» Exercise prompt
Leave out the pictures and copy every record exactly.

──────────

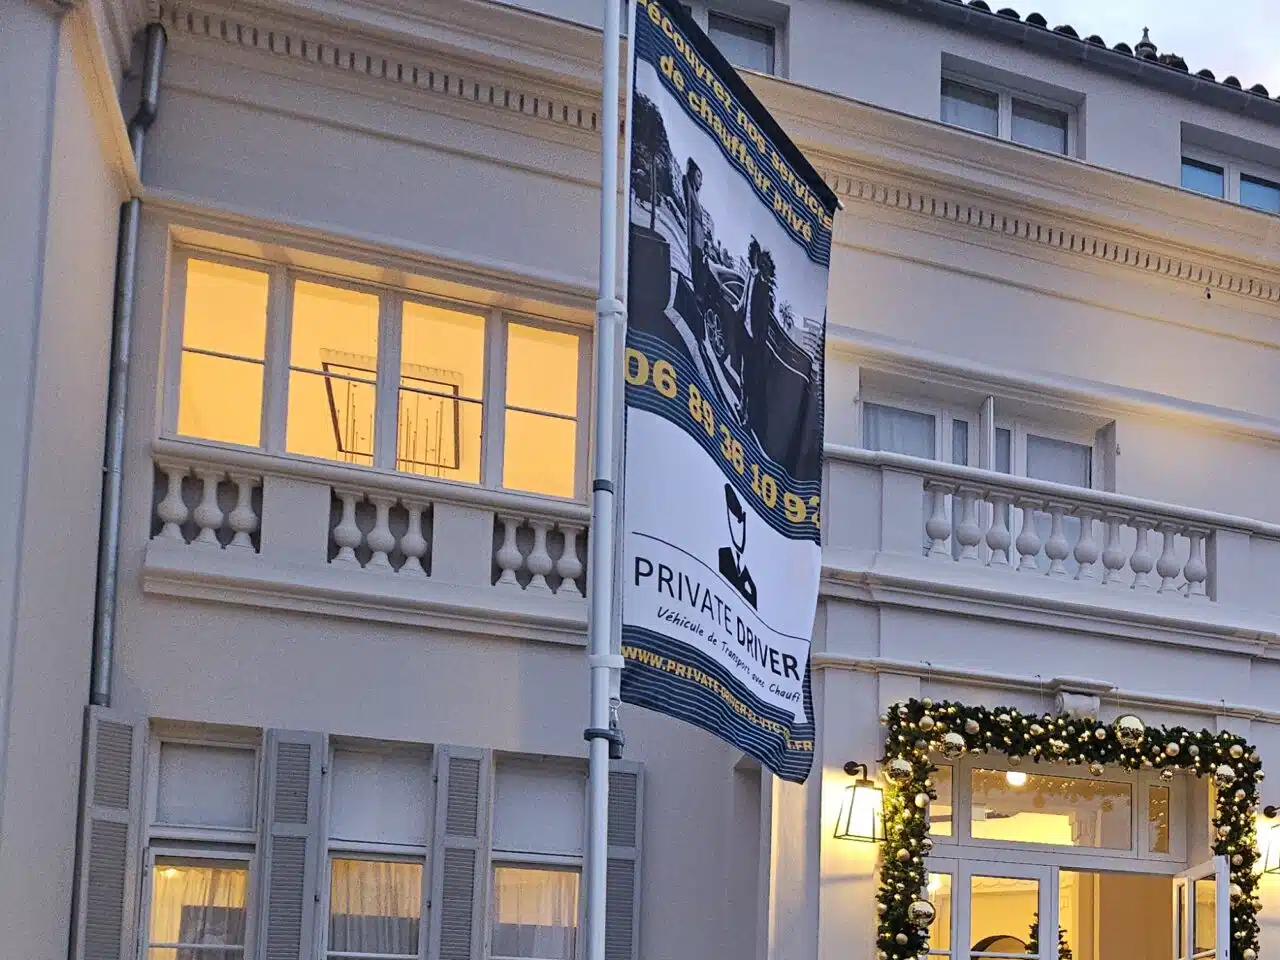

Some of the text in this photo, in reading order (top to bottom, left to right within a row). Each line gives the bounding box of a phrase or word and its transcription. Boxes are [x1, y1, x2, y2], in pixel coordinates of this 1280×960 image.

[660, 55, 812, 242] de chauffeur privé
[737, 110, 766, 153] nos
[624, 348, 678, 398] 06
[719, 424, 745, 475] 36
[751, 464, 777, 509] 10
[635, 556, 800, 682] PRIVATE DRIVER
[657, 606, 704, 637] Véhicule
[707, 632, 718, 645] de
[721, 641, 750, 675] Transport
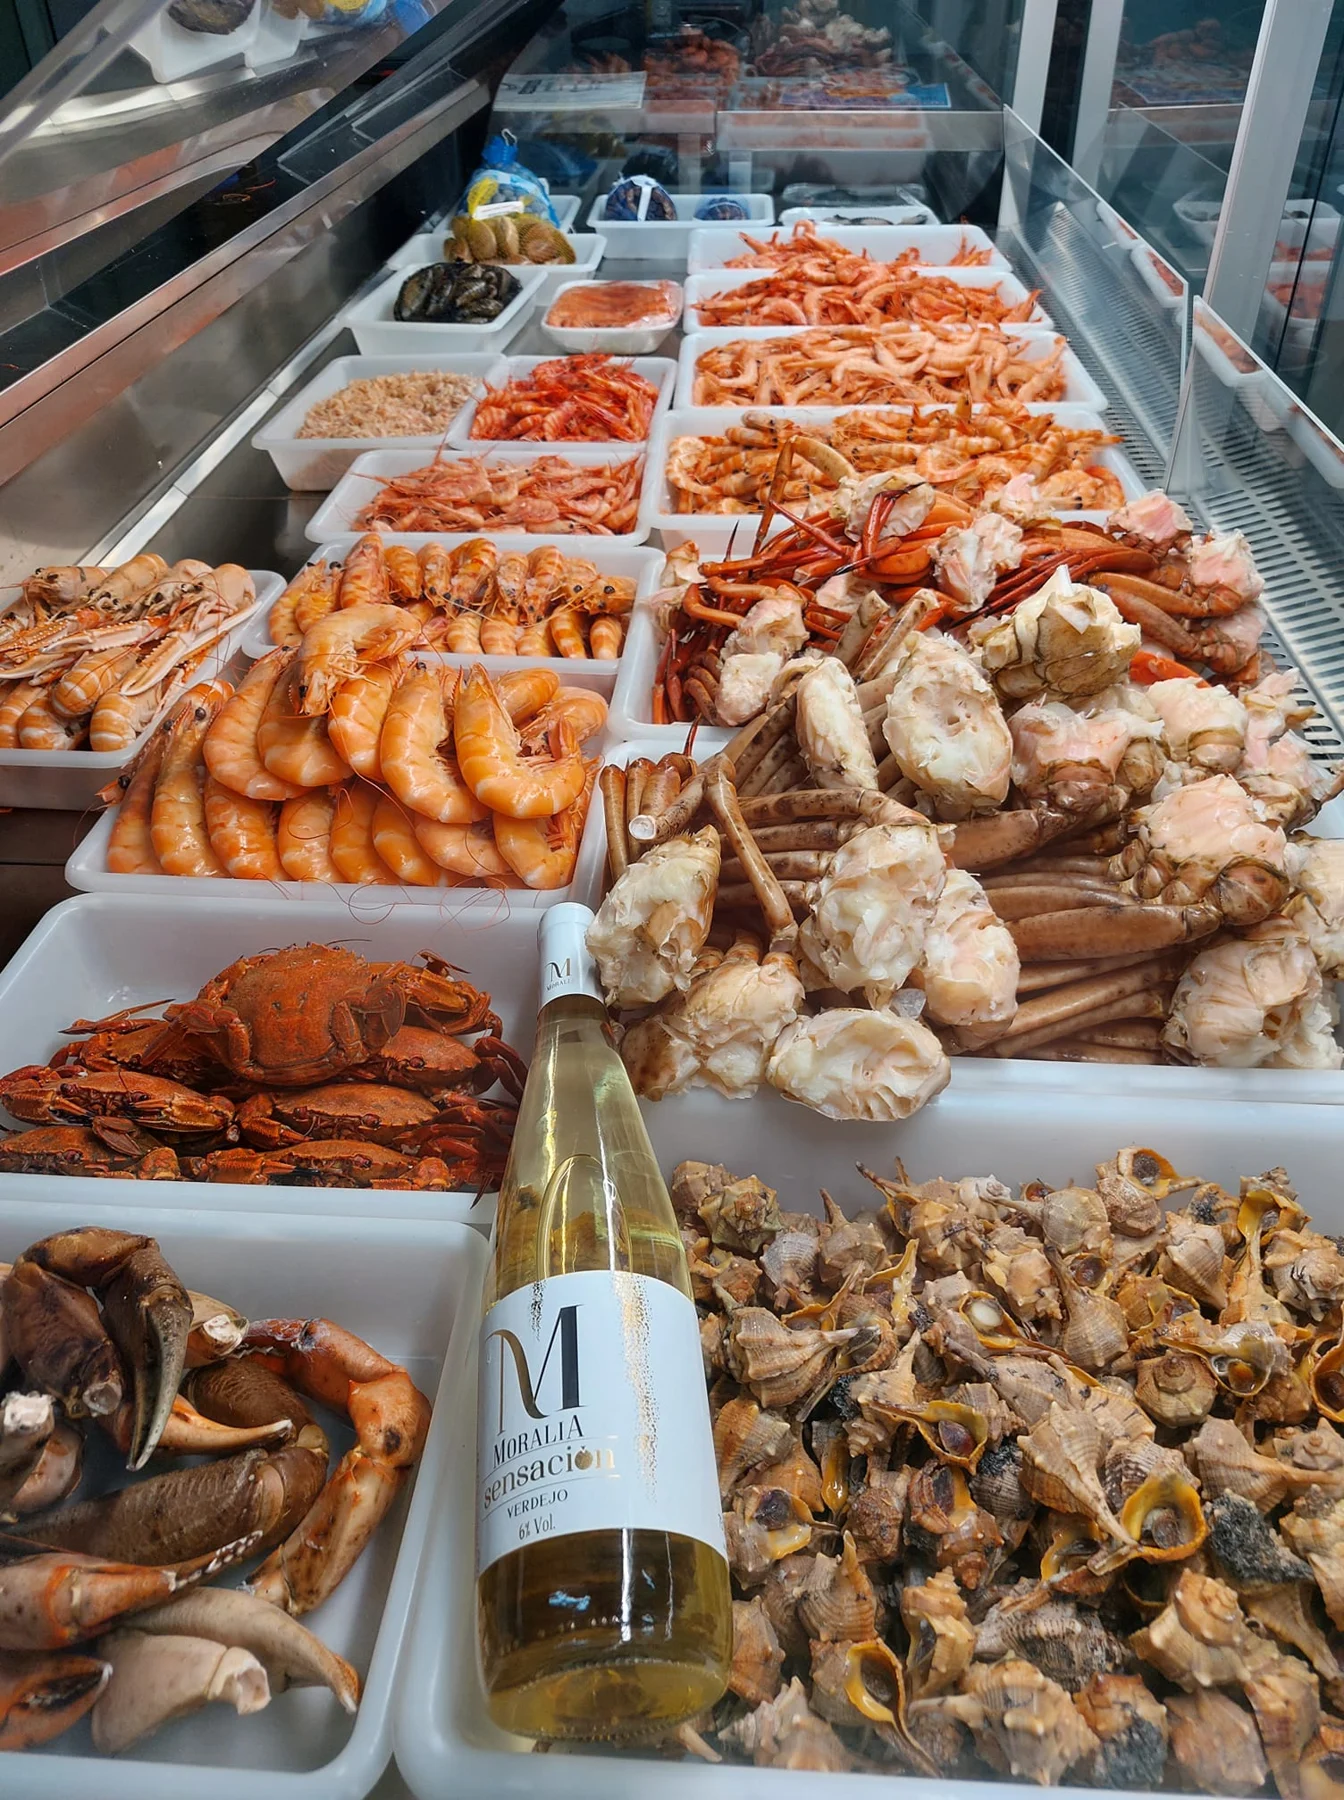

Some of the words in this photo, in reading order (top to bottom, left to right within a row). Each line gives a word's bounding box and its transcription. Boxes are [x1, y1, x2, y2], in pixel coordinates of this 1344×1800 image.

[545, 957, 571, 982] M
[485, 1304, 588, 1436] M
[493, 1414, 584, 1469] MORALIA
[507, 1489, 568, 1519] VERDEJO
[519, 1522, 531, 1540] 6%
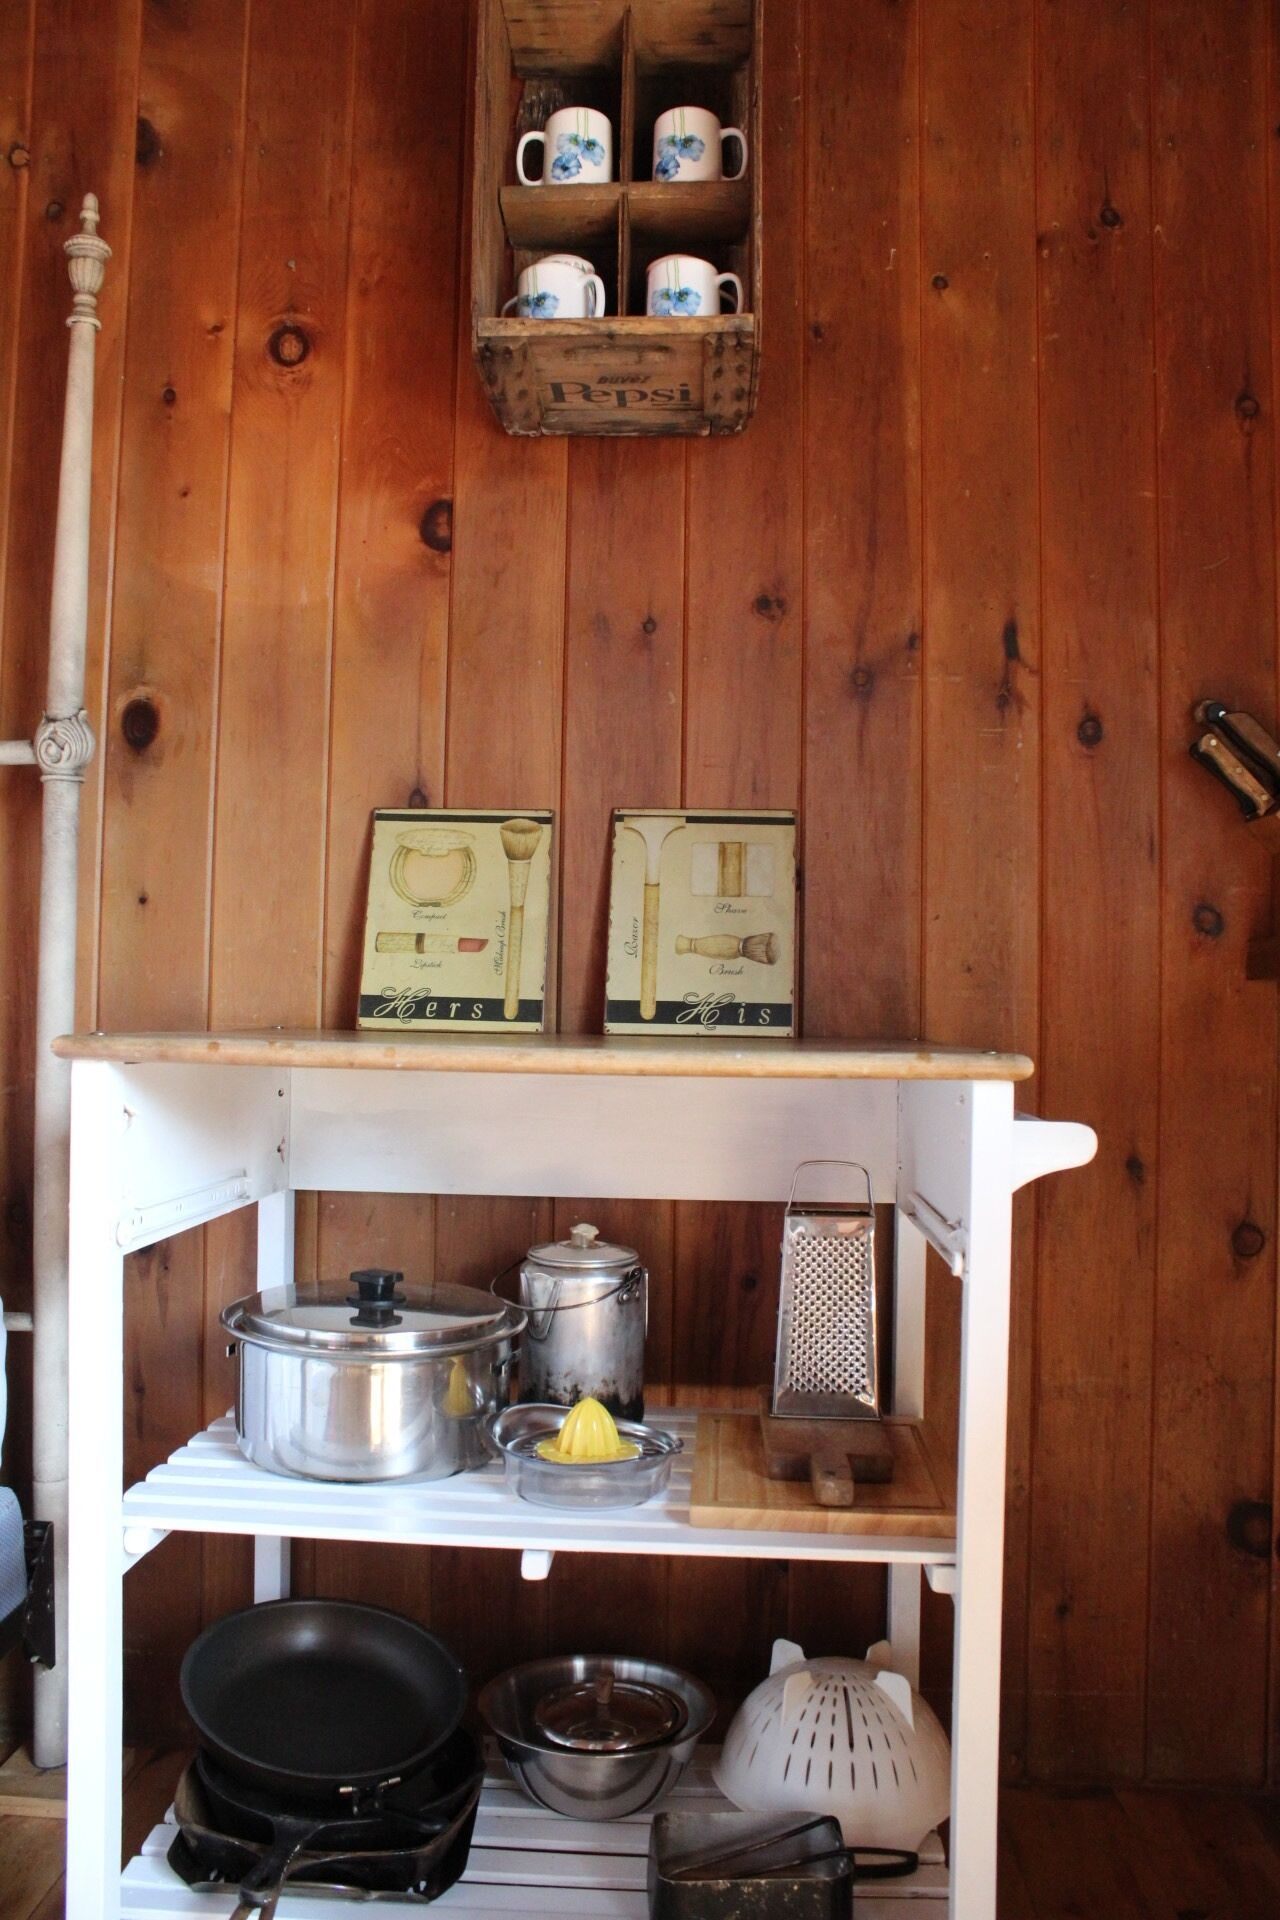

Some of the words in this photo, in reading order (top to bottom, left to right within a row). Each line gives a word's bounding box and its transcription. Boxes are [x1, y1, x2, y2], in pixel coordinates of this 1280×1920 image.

[548, 381, 692, 408] Pepsi
[411, 909, 448, 921] Compact
[623, 916, 639, 959] Razor
[409, 958, 443, 970] Lipstick
[709, 963, 744, 976] Brush
[373, 986, 484, 1024] Hers
[675, 992, 772, 1031] His
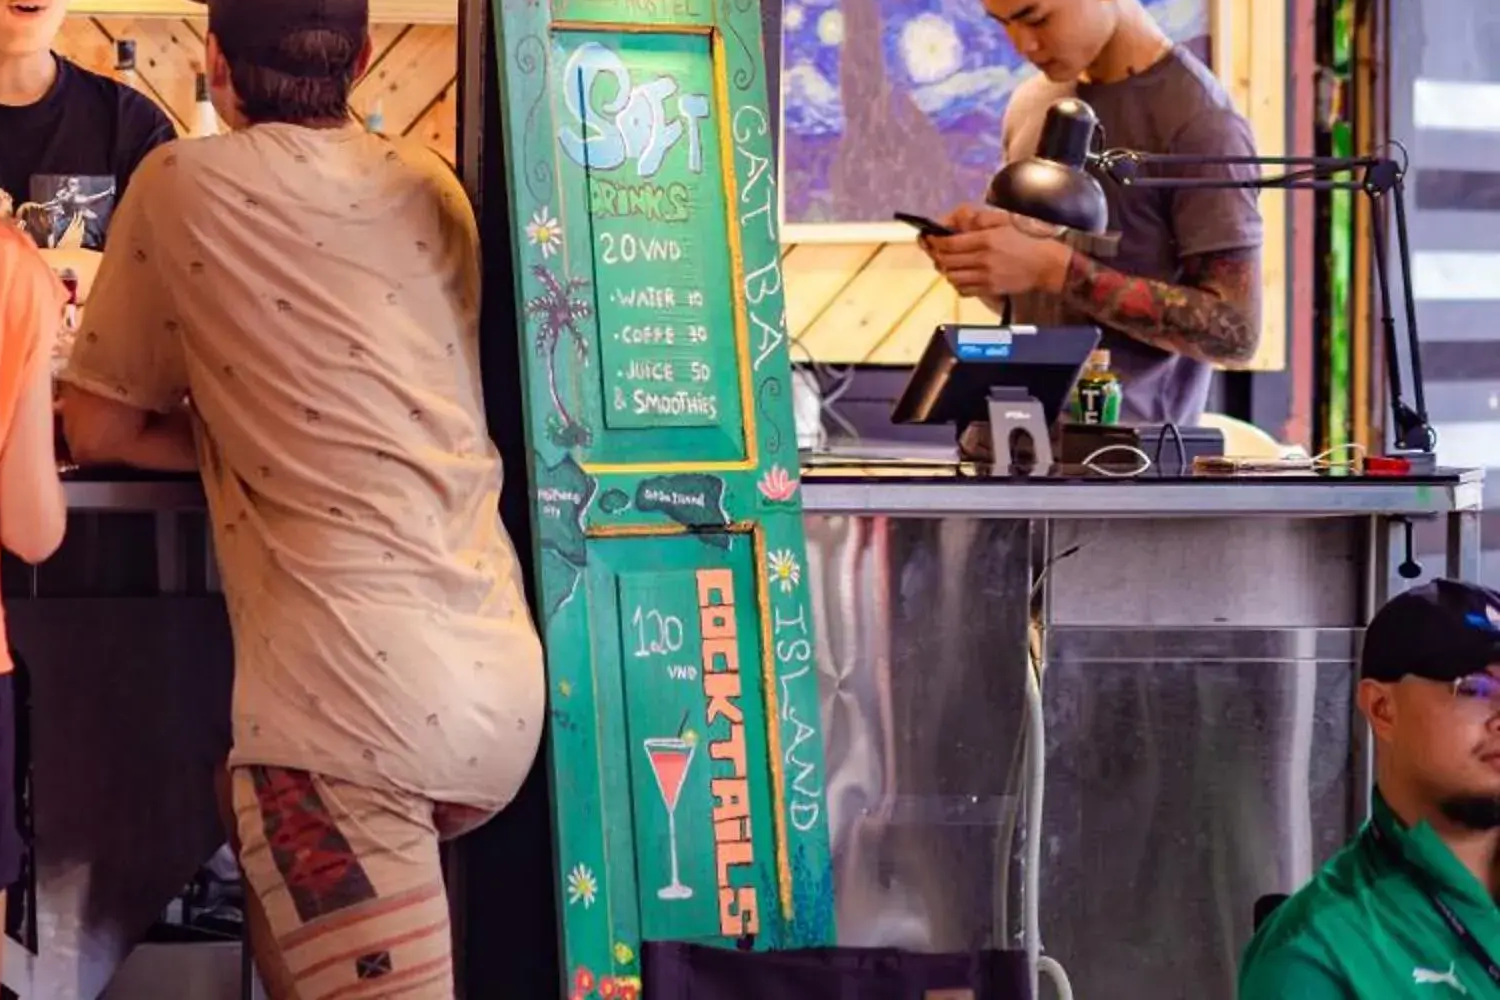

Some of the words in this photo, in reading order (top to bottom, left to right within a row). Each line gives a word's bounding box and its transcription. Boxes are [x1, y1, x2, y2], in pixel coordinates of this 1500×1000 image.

──────────

» Answer to this problem
Some of the text in this photo, in reading order (top to bottom, left to right within a row). Each line gives the bounding box of a phrase or word and its transcription. Boxes are [x1, y1, x2, y2], in pixel coordinates of this 1280×960 image.

[660, 55, 812, 242] de chauffeur privé
[737, 110, 766, 153] nos
[624, 348, 678, 398] 06
[719, 424, 745, 475] 36
[751, 464, 777, 509] 10
[635, 556, 800, 682] PRIVATE DRIVER
[657, 606, 704, 637] Véhicule
[707, 632, 718, 645] de
[721, 641, 750, 675] Transport

Some of the words in this photo, in reading order (top to bottom, left to right within a row). Each line gives a word's bounding box and its transcription. Boxes are [x1, y1, x2, y2], in pixel coordinates of this 1344×1800 image.

[545, 957, 571, 982] M
[485, 1304, 588, 1436] M
[493, 1414, 584, 1469] MORALIA
[507, 1489, 568, 1519] VERDEJO
[519, 1522, 531, 1540] 6%

Some of the words in this photo, in reading order (top to bottom, left to right within a row). Each line gives a word's bounding box and its transcription. Boxes are [x1, y1, x2, y2], in pixel coordinates of this 1280×1920 image.

[548, 381, 692, 408] Pepsi
[411, 909, 448, 921] Compact
[623, 916, 639, 959] Razor
[409, 958, 443, 970] Lipstick
[709, 963, 744, 976] Brush
[373, 986, 484, 1024] Hers
[675, 992, 772, 1031] His

Some of the words in this photo, in reading order (top to bottom, left to right within a row). Each line gives a word's bounding box and its transcription. Boxes are [x1, y1, x2, y2], in pixel coordinates of this 1500×1000 image.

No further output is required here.